The best case for boycotts may instead rest on a kind of political hope, rather than on rigorous universalizability reasoning. I assumed above that our moralizing makes no difference to those outside of our social circles. But one might take this assumption to be too pessimistic, and rather hold that the history of social change shows that we (sometimes) can change society-wide norms by taking a strong stand.
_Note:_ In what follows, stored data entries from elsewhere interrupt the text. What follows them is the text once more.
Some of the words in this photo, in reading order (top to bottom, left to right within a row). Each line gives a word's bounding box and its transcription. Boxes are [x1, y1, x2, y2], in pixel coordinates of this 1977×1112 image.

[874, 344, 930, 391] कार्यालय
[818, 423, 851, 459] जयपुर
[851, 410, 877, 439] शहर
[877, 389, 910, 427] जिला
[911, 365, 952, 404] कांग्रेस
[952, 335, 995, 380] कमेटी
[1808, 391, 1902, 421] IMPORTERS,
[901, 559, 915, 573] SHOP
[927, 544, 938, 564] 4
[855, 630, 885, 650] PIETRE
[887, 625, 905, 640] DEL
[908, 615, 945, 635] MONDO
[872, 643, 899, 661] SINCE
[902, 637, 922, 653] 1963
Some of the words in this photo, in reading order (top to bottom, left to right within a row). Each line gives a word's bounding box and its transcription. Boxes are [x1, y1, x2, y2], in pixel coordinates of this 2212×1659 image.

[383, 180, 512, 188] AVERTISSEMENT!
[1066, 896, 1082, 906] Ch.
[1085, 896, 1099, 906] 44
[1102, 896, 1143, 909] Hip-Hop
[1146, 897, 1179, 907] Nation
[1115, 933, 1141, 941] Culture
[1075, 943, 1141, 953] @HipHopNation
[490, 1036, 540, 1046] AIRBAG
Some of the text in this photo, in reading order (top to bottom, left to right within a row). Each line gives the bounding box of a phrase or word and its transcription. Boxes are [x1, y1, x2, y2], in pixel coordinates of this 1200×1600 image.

It’s ultimately an empirical question, for any given issue, how feasible it would be to institute a society-wide taboo or otherwise radically change prevailing norms. Philosophically, I guess the main thing I’d want to insist on is just that you give some thought to trying to assess whether the attempt is best regarded as positive or negative in expectation (and, ideally, whether it is more positive than other options available to you). You need some degree of sensitivity to probabilities and stakes if you want your moral efforts to have a non-random expectational valence (and hence be truly justified and responsible) rather than just playing moral roulette.[5]

  1. ^

    Further: there are a lot of actions in both categories, so it’s not like a blanket verdict will serve as a “close enough” approximation. We really need to distinguish reasonable vs wasteful resource use, in practice as well as theory.

  2. ^

    Claude Opus 4.1 and GPT-5 Thinking converged on this as a reasonable estimate of how much electricity prices would rise on average in response to a carbon tax internalizing the full social price of carbon. Feel free to correct this if you have a more reliable source.

  3. ^

    Taking wild animal interests into account may change this specific verdict, but doesn’t affect the general point that well-targeted donations are a much bigger deal than one’s personal carbon footprint. It just changes one’s preferred “target” charity.

  4. ^

    One might try to pin down the content of “legitimate” here by considering which careers it would be best to have generally regarded as morally illegitimate. (Perhaps just any that predictably cause more social harm than good?)

  5. ^

    I think there’s something fundamentally unserious about the sort of moral philosopher who endorses the cluelessness objection to consequentialism and yet is deeply committed to activism—which, by their own lights, they have no reason to think does more good than harm. (Compare my response to Srinivasan’s question about “how would we go about quantifying the consequences of radically reorganizing society?” Seems like you need an answer before you can know whether “radically reorganizing society” is a good idea or not!) See also:


SummaryBot @ 2025-08-26T19:42 (+2)

Executive summary: This exploratory post argues that when assessing morally mixed actions—like personal energy use or AI adoption—we should avoid both trivializing small harms and catastrophizing them, instead using tools like Pigouvian taxes, rough cost–benefit heuristics, and carefully framed universalizability tests to distinguish reasonable from wasteful resource use.

Key points:

  1. Two common mistakes in thinking about collective harms are the rounding to zero fallacy (ignoring small contributions) and the total cost fallacy (treating all contributions as equally catastrophic).
  2. The ideal solution is to internalize externalities through policies like carbon taxes, which would make tradeoffs transparent and remove the moral burden from individuals.
  3. In the absence of such policies, individuals should estimate the expected net value of their actions, focusing on cost-effective reductions (e.g., gasoline use over electricity) and remembering that donations to highly effective charities typically outweigh lifestyle sacrifices.
  4. Universalizability reasoning (“what if everyone did that?”) can help but must be applied carefully: one should abstract to decision procedures, respect others’ preferences, and distinguish between subcategories of resource use to avoid absurd or overly broad conclusions.
  5. Boycotts of technologies like AI, when motivated by indiscriminate universalization, risk suppressing good uses without affecting bad ones; a more sensible approach is to encourage and model responsible use.
  6. Shifting social norms through moral stands is possible, but its effectiveness is empirical; activists should assess probabilities and stakes rather than acting on hope alone.